Class: Anti-infectives, Miscellaneous
Chemical Name: N,N″-Bis(4-chlorophenyl)-3,12-diimino- 2,4,11,13-tetraazatetradecanediimidamide di-d-gluconate
Molecular Formula: C22H30Cl2N10•2C6H12O7
CAS Number: 18472-51-0
Brands: Peridex, PerioChip, PerioGard


Special Alerts:

[Posted 02/02/2017]

AUDIENCE: Nursing, Surgery, Dentistry, Patient

ISSUE: FDA is warning that rare but serious allergic reactions have been reported with the widely used skin antiseptic products containing chlorhexidine gluconate. Although rare, the number of reports of serious allergic reactions to these products has increased over the last several years. See the FDA Drug Safety Communication, available at: , for a data summary.

As a result, FDA is requesting the manufacturers of over-the-counter (OTC) antiseptic products containing chlorhexidine gluconate to add a warning about this risk to the Drug Facts labels.

BACKGROUND: Chlorhexidine gluconate is mainly available in OTC products to clean and prepare the skin before surgery and before injections in order to help reduce bacteria that potentially can cause skin infections. These products are available as solutions, washes, sponges, and swabs and under many different brand names and as generics. Chlorhexidine gluconate is also available as a prescription mouthwash to treat gingivitis and as a prescription oral chip to treat periodontal disease.

Prescription chlorhexidine gluconate mouthwashes and oral chips used for gum disease already contain a warning about the possibility of serious allergic reactions in their labels.

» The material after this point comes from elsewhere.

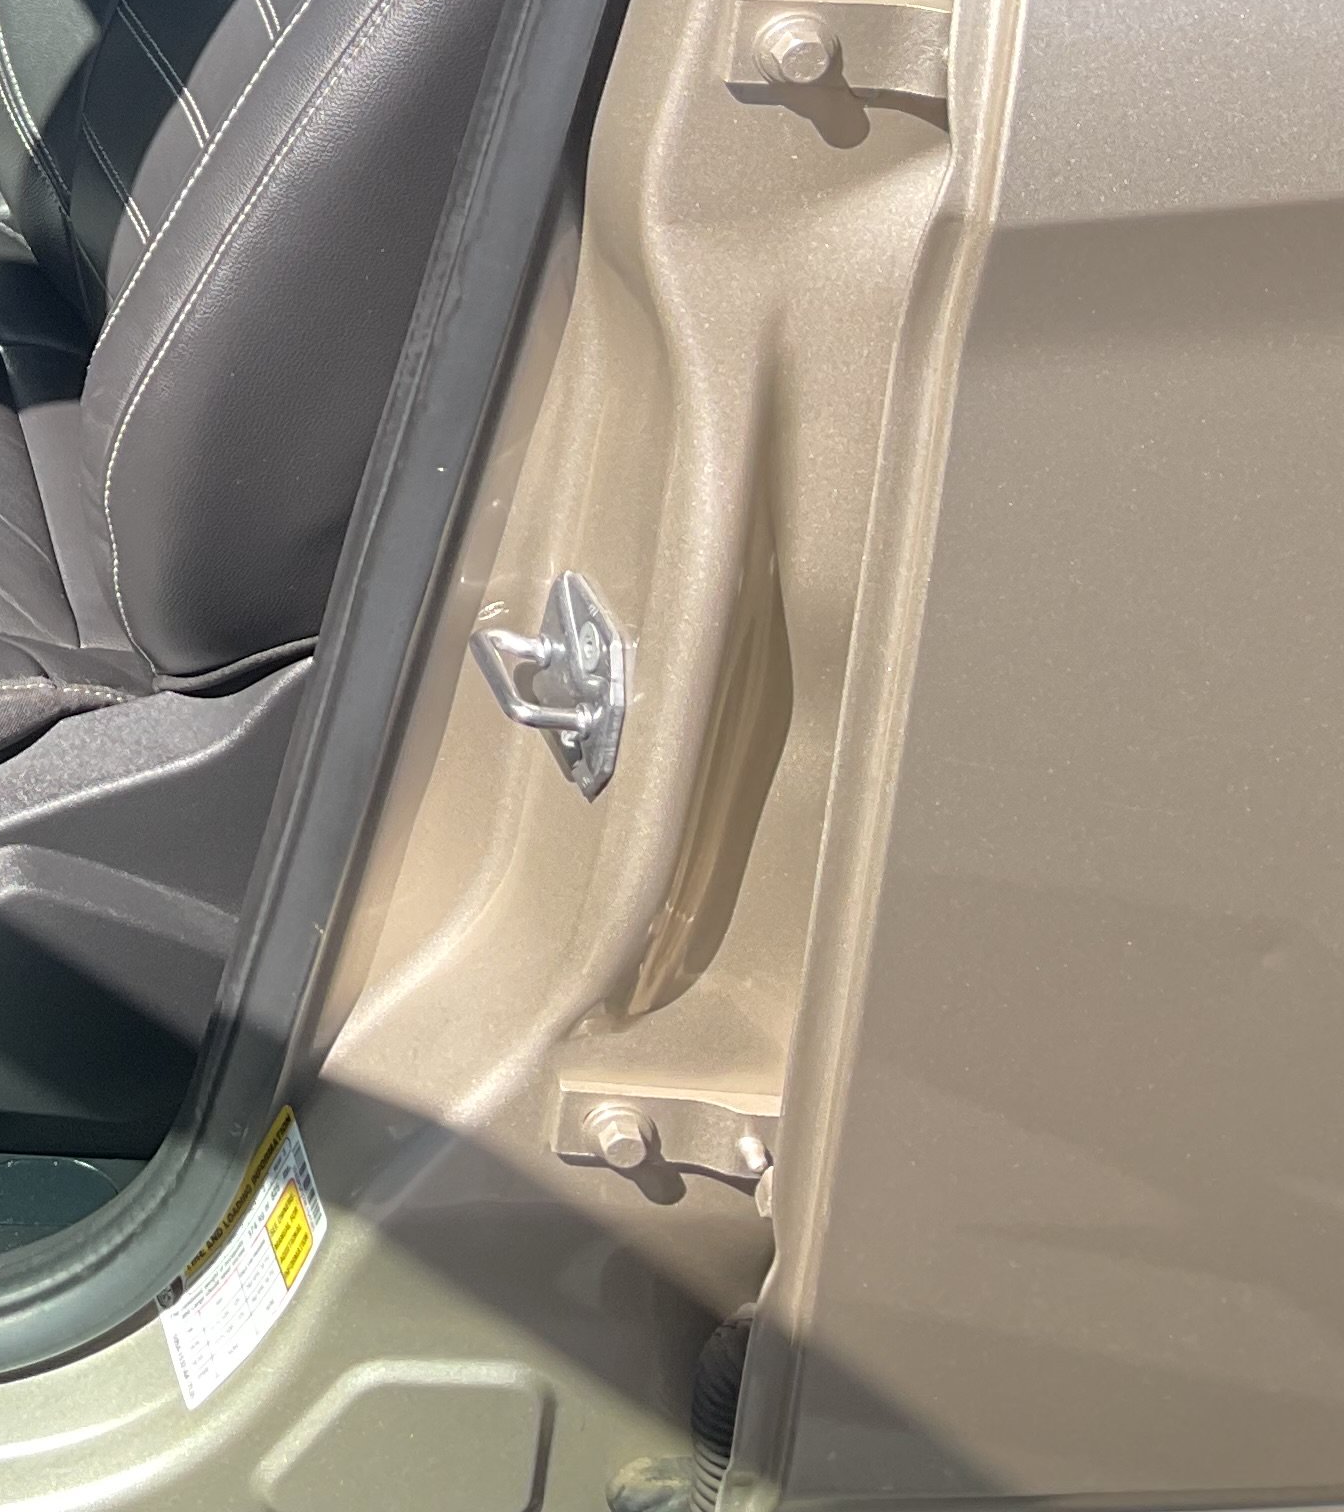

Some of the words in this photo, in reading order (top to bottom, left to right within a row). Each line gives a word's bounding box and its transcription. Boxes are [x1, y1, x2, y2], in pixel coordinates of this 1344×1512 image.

In 1998, FDA issued a Public Health Notice to warn health care professionals about the risk of serious allergic reactions with medical devices such as dressings and intravenous lines that contain chlorhexidine gluconate.

RECOMMENDATION: Health care professionals should always ask patients if they have ever had an allergic reaction to any antiseptic before recommending or prescribing a chlorhexidine gluconate product. Advise patients to seek immediate medical attention if they experience any symptoms of an allergic reaction when using the products. Consider using alternative antiseptics such as povidone-iodine, alcohols, benzalkonium chloride, benzethonium chloride, or parachlorometaxylenol (PCMX) when any previous allergy to chlorhexidine gluconate is documented or suspected.

Patients and consumers should stop using the product that contains chlorhexidine gluconate and seek medical attention immediately or call 911 if they experience symptoms of a serious allergic reaction. These reactions can occur within minutes of exposure. Symptoms include wheezing or difficulty breathing; swelling of the face; hives that can quickly progress to more serious symptoms; severe rash; or shock, which is a life-threatening condition that occurs when the body is not getting enough blood flow.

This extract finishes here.